Purpose : In proliferative retinopathies, the hypoxia response is sustained by the failure of the retina to revascularize its ischemic areas. Promoting revascularization of the retinal avascular area could interfere with this vicious cycle and lead to vessel normalization. One cardinal difference between tip endothelial cells (ECs) that lead sprouting /revascularizing vessels and prolifrerating tuft cells, is the cell cycle phase. Tip ECs are constantly at G0/G1, whereas tuft ECs are constantly cycling and are very often at S phase. Hypoxia is one of the noxious factors that can activate the DNA repair cascade in the ECs that eventually leads to cell cycle arrest and DNA repair or cell death. Here we examine the role of two distinct DNA Repair mechanisms (Homologous Recombination HR and non homologous end joining NHEJ) and the proteins that orchestrate them: BRCA1 for HR and 53bp1 for NHEJ, in the function of tip vs tuft cells. NHEJ is only functional during G0/G1 whereas HR is active during S/G2 phases.

Methods : We subjected C57bl/6, 53bp1 +/+ and -/- mice as well as 53bp1 +/+ and -/- mice combined with endothelial specific deletion of BRCA1 (EC-BRCA1-WT, EC-BRCA1-KO) to the murine ROP model. The eyes were processed for retina lectin IB4 staining for quantification of avascular area and tip cell number or for paraffin sections for the quantification of neovascular tufts. Wholemounts were also processed for BrdU staining.

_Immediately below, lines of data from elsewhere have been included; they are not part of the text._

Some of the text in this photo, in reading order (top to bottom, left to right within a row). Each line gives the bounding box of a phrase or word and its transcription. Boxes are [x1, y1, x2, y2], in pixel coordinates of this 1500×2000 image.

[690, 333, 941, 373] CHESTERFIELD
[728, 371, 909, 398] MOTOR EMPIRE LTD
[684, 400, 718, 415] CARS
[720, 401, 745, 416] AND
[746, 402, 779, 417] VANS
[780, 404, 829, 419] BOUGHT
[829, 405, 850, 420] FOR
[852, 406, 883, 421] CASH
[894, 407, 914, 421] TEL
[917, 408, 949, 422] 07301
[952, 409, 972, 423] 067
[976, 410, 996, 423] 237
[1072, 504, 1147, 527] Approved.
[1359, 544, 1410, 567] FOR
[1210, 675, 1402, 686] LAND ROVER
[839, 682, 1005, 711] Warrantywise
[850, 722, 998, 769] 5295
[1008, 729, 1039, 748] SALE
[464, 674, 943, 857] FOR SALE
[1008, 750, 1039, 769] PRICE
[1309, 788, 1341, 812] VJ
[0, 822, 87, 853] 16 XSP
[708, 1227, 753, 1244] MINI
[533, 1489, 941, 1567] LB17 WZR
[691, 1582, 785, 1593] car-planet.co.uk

Results : In wholemounts of WT mice we could verify that the tip cells were Brdu- , whereas tuft cells were Brdu+. After subjection to the ROP model, the 53bp1 -/- mice showed more BrdU+ ECs, more neovascular tufts and less tip cell formation compared to their wildtype littermates. On the other hand, when 53bp1 -/- was combined with EC BRCA1 deficiency, the tufts decresded and the tip cells increased. Furthermore, when we injected a HR inhibitor (RI-1) intravitrealy in 53bp1 +/+ and -/- mice, the inhibitor decreased the proliferation in 53bp1 -/- mice.

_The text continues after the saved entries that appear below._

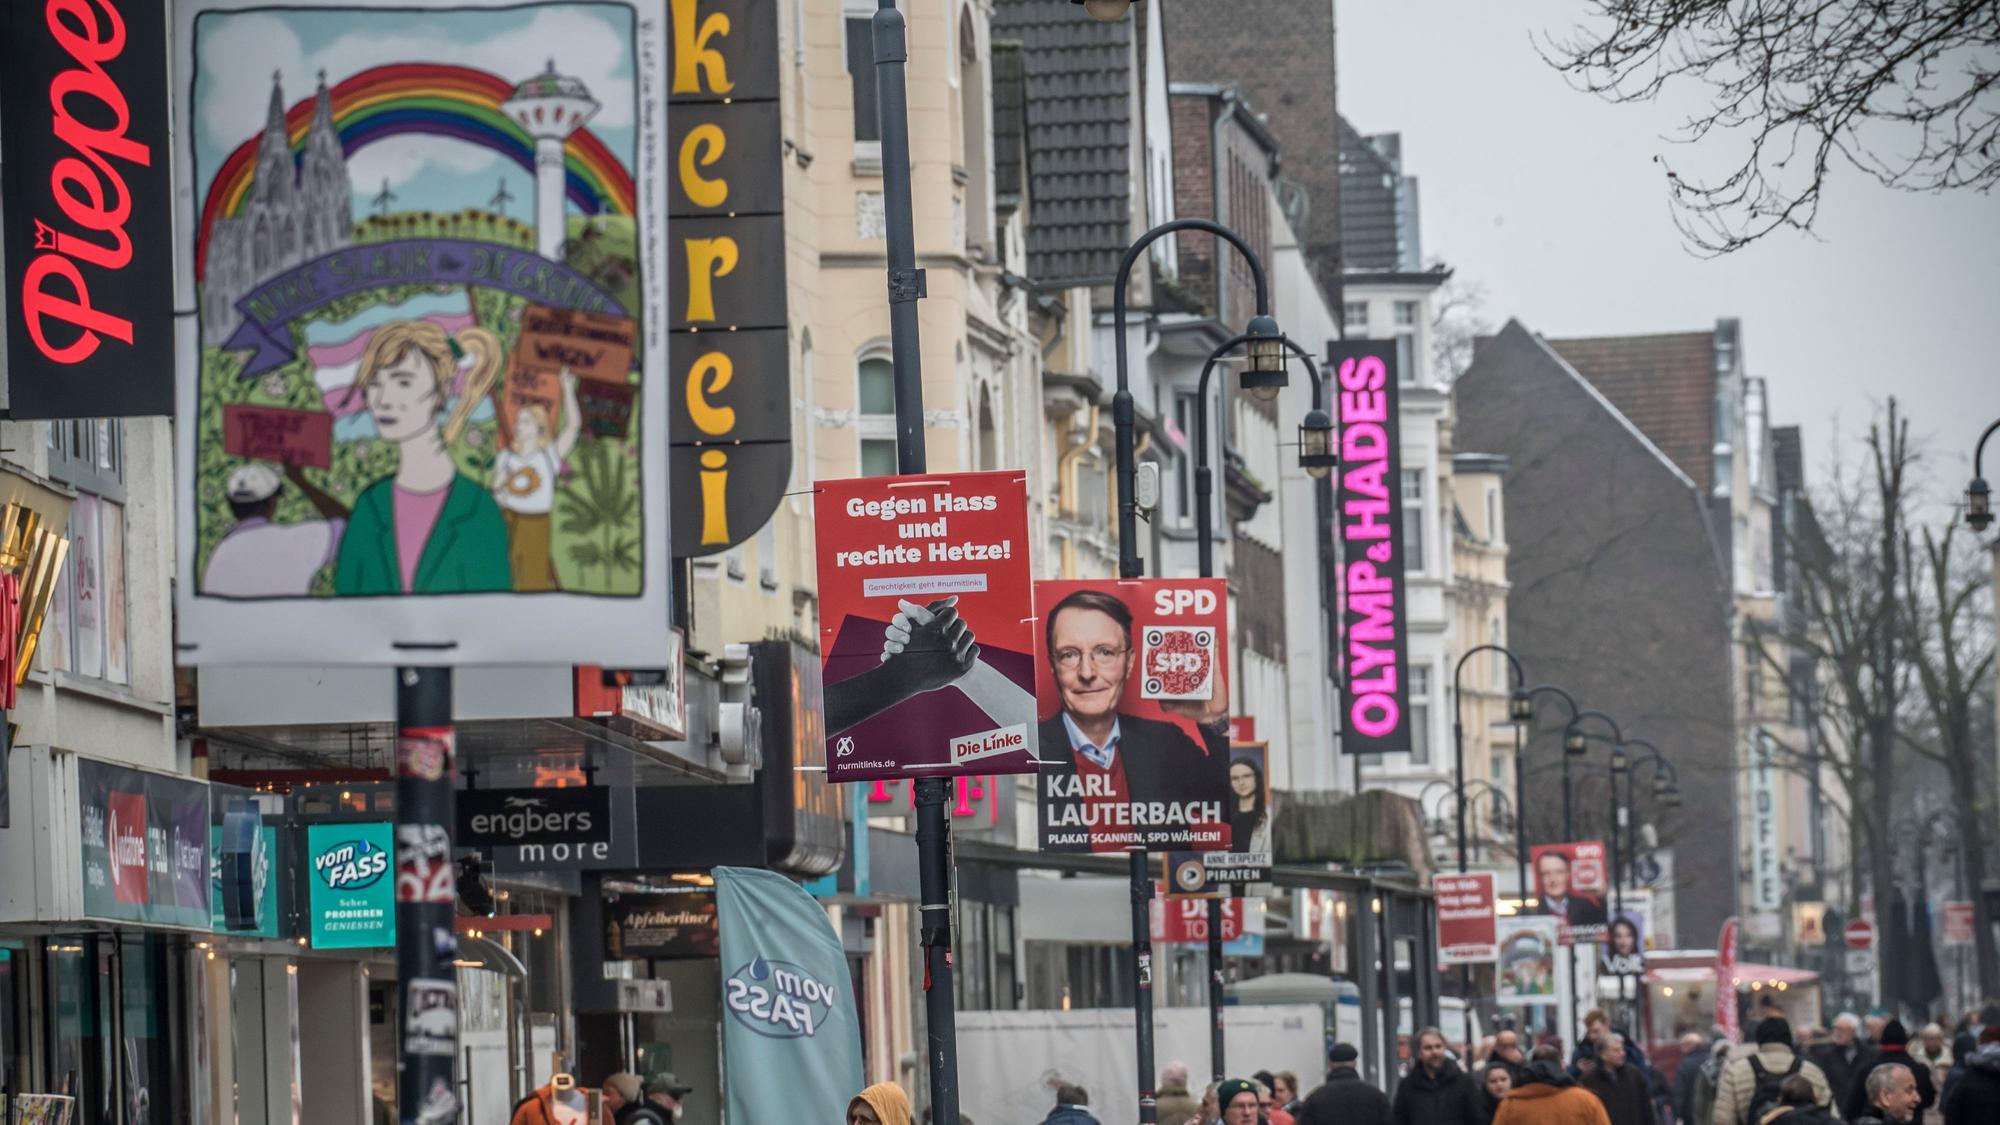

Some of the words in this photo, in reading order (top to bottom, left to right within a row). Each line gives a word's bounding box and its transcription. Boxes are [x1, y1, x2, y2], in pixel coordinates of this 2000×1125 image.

[847, 496, 926, 521] Gegen
[933, 493, 998, 513] Hass
[898, 517, 947, 539] und
[837, 545, 922, 568] rechte
[928, 540, 1011, 562] Hetze!
[868, 582, 917, 593] Gerechtigkeit
[918, 581, 935, 591] geht
[937, 579, 983, 589] #nurmitlinks
[1154, 588, 1217, 616] SPD
[1155, 652, 1202, 673] SPD
[957, 741, 980, 757] Die
[983, 732, 1022, 752] Linke
[837, 759, 896, 771] nurmitlinks.de
[1047, 774, 1116, 798] KARL
[471, 807, 592, 838] engbers
[1048, 801, 1221, 827] LAUTERBACH
[1048, 833, 1089, 845] PLAKAT
[1091, 832, 1147, 844] SCANNEN,
[1148, 832, 1169, 842] SPD
[1171, 829, 1221, 842] WÄHLEN!
[316, 846, 354, 870] vom
[519, 842, 609, 862] more
[330, 851, 387, 888] FASS
[1206, 869, 1261, 881] PIRATEN
[325, 909, 384, 919] PROBIEREN
[623, 910, 712, 929] Apfelberliner
[324, 920, 384, 931] GENIESSEN
[1603, 954, 1643, 974] Volt

Conclusions : Our results show that in the model of ROP, the tip cell formation is dependent on an intact NHEJ. Furthermore, in the absence of 53bp1, HR is increased, leading to more tuft cells in a BRCA1 dependent manner. We conclude that by influencing survival factors that operate in different cell cycle phases one can selectively influence the function of either tip or tuft ECs.

This is an abstract that was submitted for the 2016 ARVO Annual Meeting, held in Seattle, Wash., May 1-5, 2016.